MATERIAL FOR THIS EXERCISE:
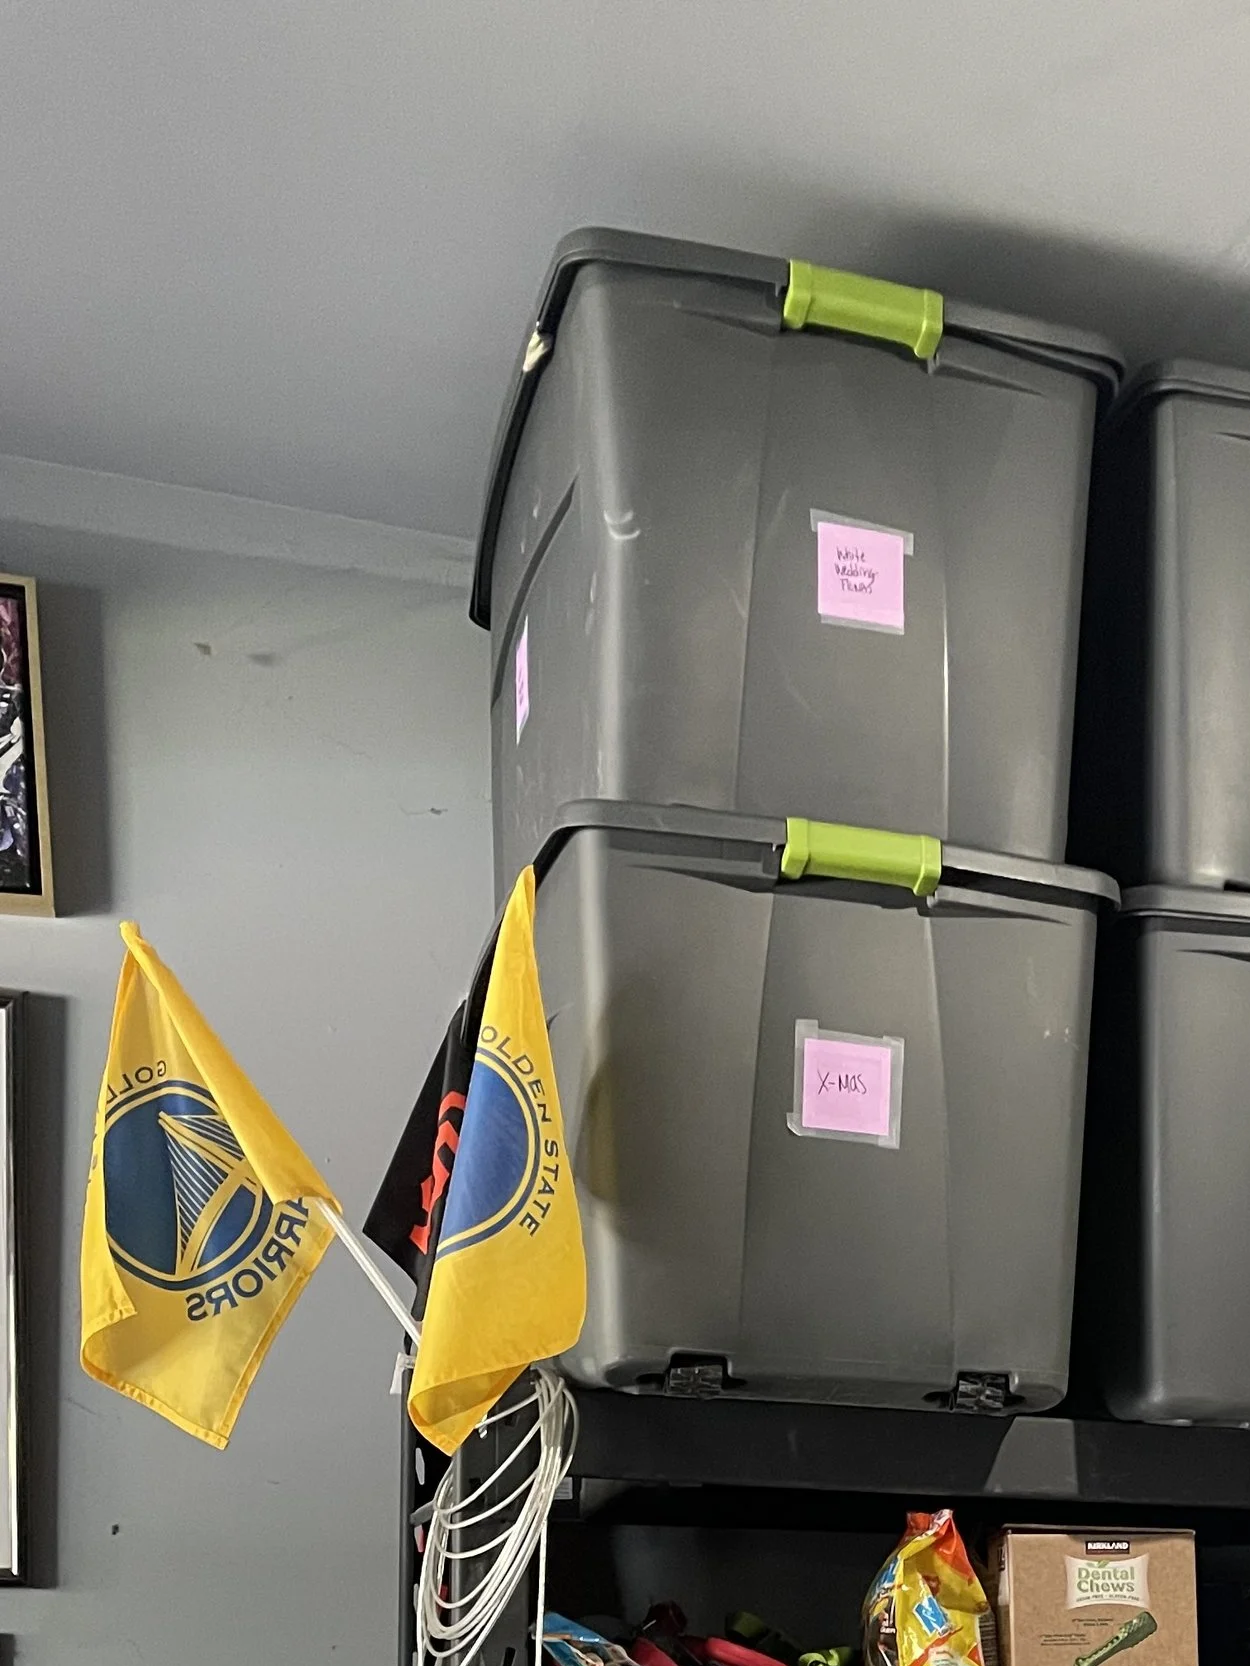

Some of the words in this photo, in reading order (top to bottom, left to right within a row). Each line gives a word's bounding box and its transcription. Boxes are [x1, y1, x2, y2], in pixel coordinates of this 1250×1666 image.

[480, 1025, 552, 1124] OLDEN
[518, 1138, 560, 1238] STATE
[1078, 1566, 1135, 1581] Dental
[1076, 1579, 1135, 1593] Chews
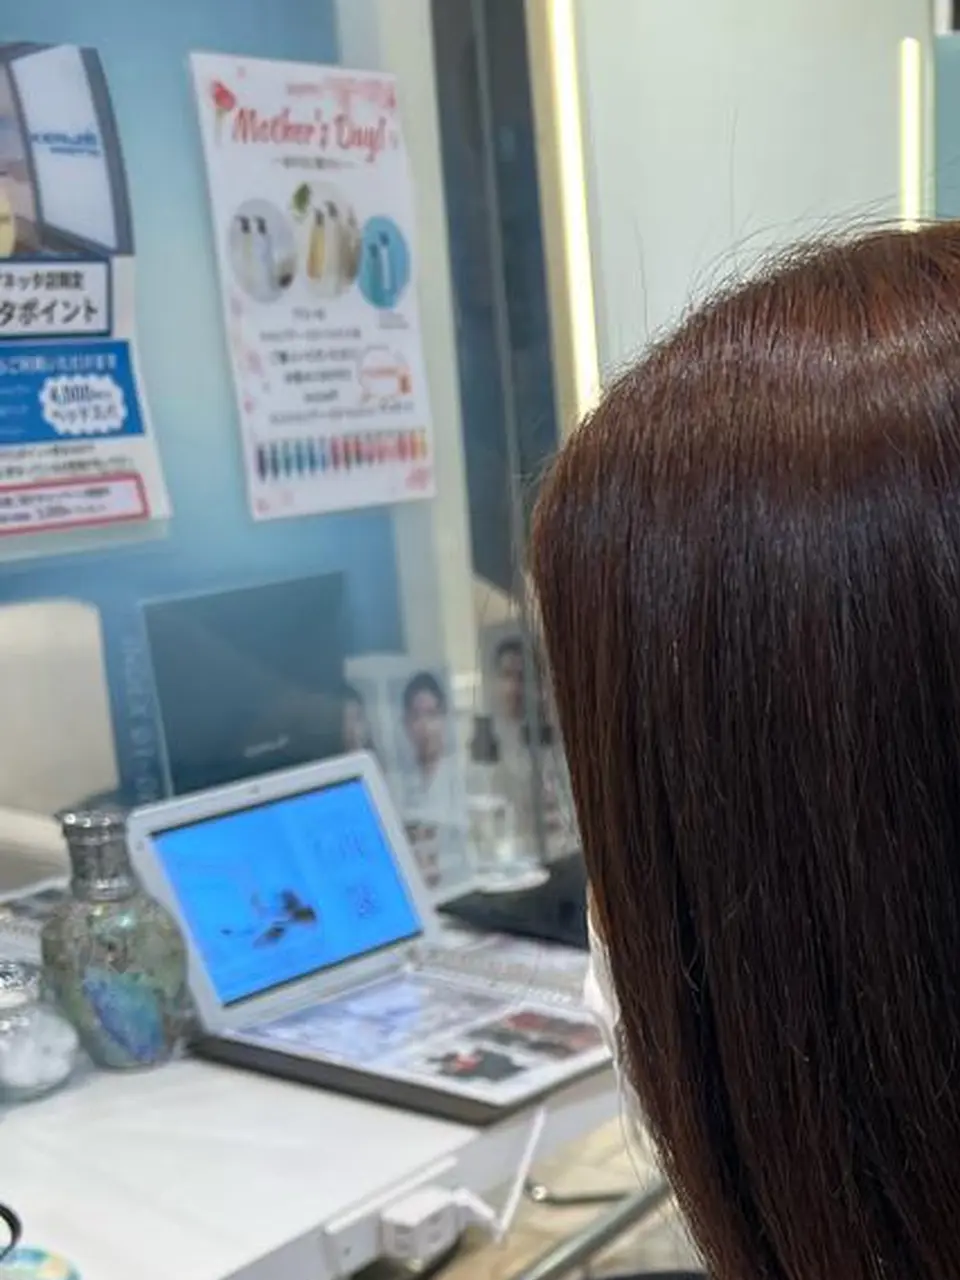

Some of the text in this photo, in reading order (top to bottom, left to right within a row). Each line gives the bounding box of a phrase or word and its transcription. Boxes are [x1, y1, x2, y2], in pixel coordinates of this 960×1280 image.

WHAT TO WORK ON:
Transcribe everything above exactly. Do not include the pictures.

SOLUTION FOR THIS PROBLEM:
Some of the words in this photo, in reading order (top to bottom, left to right within a row). Each line gives a word's bounding box and its transcription. Boxes are [x1, y1, x2, y2], in pixel coordinates of this 1250×1666 image.

[480, 1025, 552, 1124] OLDEN
[518, 1138, 560, 1238] STATE
[1078, 1566, 1135, 1581] Dental
[1076, 1579, 1135, 1593] Chews

Some of the text in this photo, in reading order (top to bottom, left to right within a row). Each line gives the bounding box of a phrase or word and its transcription. Boxes are [x1, y1, x2, y2], in pixel coordinates of this 960×1280 image.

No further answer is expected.